Special Characters Solutions


Solution 1 - Special Characters

You should start with the Wikipedia Filename page. It has a decent-sized table (Comparison of filename limitations), listing the reserved characters for quite a lot of file systems.

It also has a plethora of other information about each file system, including reserved file names such as CON under MS-DOS. I mention that only because I was bitten by that once when I shortened an include file from const.h to con.h and spent half an hour figuring out why the compiler hung.

Turns out DOS ignored extensions for devices so that con.h was exactly the same as con, the input console (meaning, of course, the compiler was waiting for me to type in the header file before it would continue).

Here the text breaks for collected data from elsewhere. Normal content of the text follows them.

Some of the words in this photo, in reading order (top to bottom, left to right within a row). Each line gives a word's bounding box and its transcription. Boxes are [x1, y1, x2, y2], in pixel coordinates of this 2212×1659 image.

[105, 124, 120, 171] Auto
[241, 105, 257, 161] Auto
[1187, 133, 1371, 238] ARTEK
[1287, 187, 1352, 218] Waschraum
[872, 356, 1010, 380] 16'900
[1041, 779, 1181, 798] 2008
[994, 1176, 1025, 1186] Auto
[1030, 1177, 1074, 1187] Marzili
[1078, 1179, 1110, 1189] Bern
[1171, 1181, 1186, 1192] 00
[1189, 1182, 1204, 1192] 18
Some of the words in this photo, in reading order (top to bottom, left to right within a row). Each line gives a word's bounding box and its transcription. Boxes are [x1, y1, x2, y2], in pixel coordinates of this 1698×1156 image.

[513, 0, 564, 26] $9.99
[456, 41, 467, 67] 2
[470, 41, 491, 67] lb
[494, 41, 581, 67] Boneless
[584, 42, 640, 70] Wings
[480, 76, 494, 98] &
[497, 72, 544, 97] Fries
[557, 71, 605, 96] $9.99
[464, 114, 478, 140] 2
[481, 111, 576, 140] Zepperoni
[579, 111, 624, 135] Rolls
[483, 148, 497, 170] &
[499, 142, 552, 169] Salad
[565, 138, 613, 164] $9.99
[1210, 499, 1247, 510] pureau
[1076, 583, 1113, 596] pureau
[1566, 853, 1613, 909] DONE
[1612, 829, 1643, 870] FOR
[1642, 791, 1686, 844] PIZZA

Solution 2 - Special Characters

OK, so looking at Comparison of file systems if you only care about the main players file systems:

so any byte except NUL, \, /, :, *, ?, ", <, >, | and you can't have files/folders call . or .. and no control characters (of course).

Solution 3 - Special Characters

On Windows OS create a file and give it a invalid character like \ in the filename. As a result you will get a popup with all the invalid characters in a filename.

enter image description here

Solution 4 - Special Characters

To be more precise about Mac OS X (now called MacOS) / in the Finder is interpreted to : in the Unix file system.

This was done for backward compatibility when Apple moved from Classic Mac OS.

It is legitimate to use a / in a file name in the Finder, looking at the same file in the terminal it will show up with a :.

And it works the other way around too: you can't use a / in a file name with the terminal, but a : is OK and will show up as a / in the Finder.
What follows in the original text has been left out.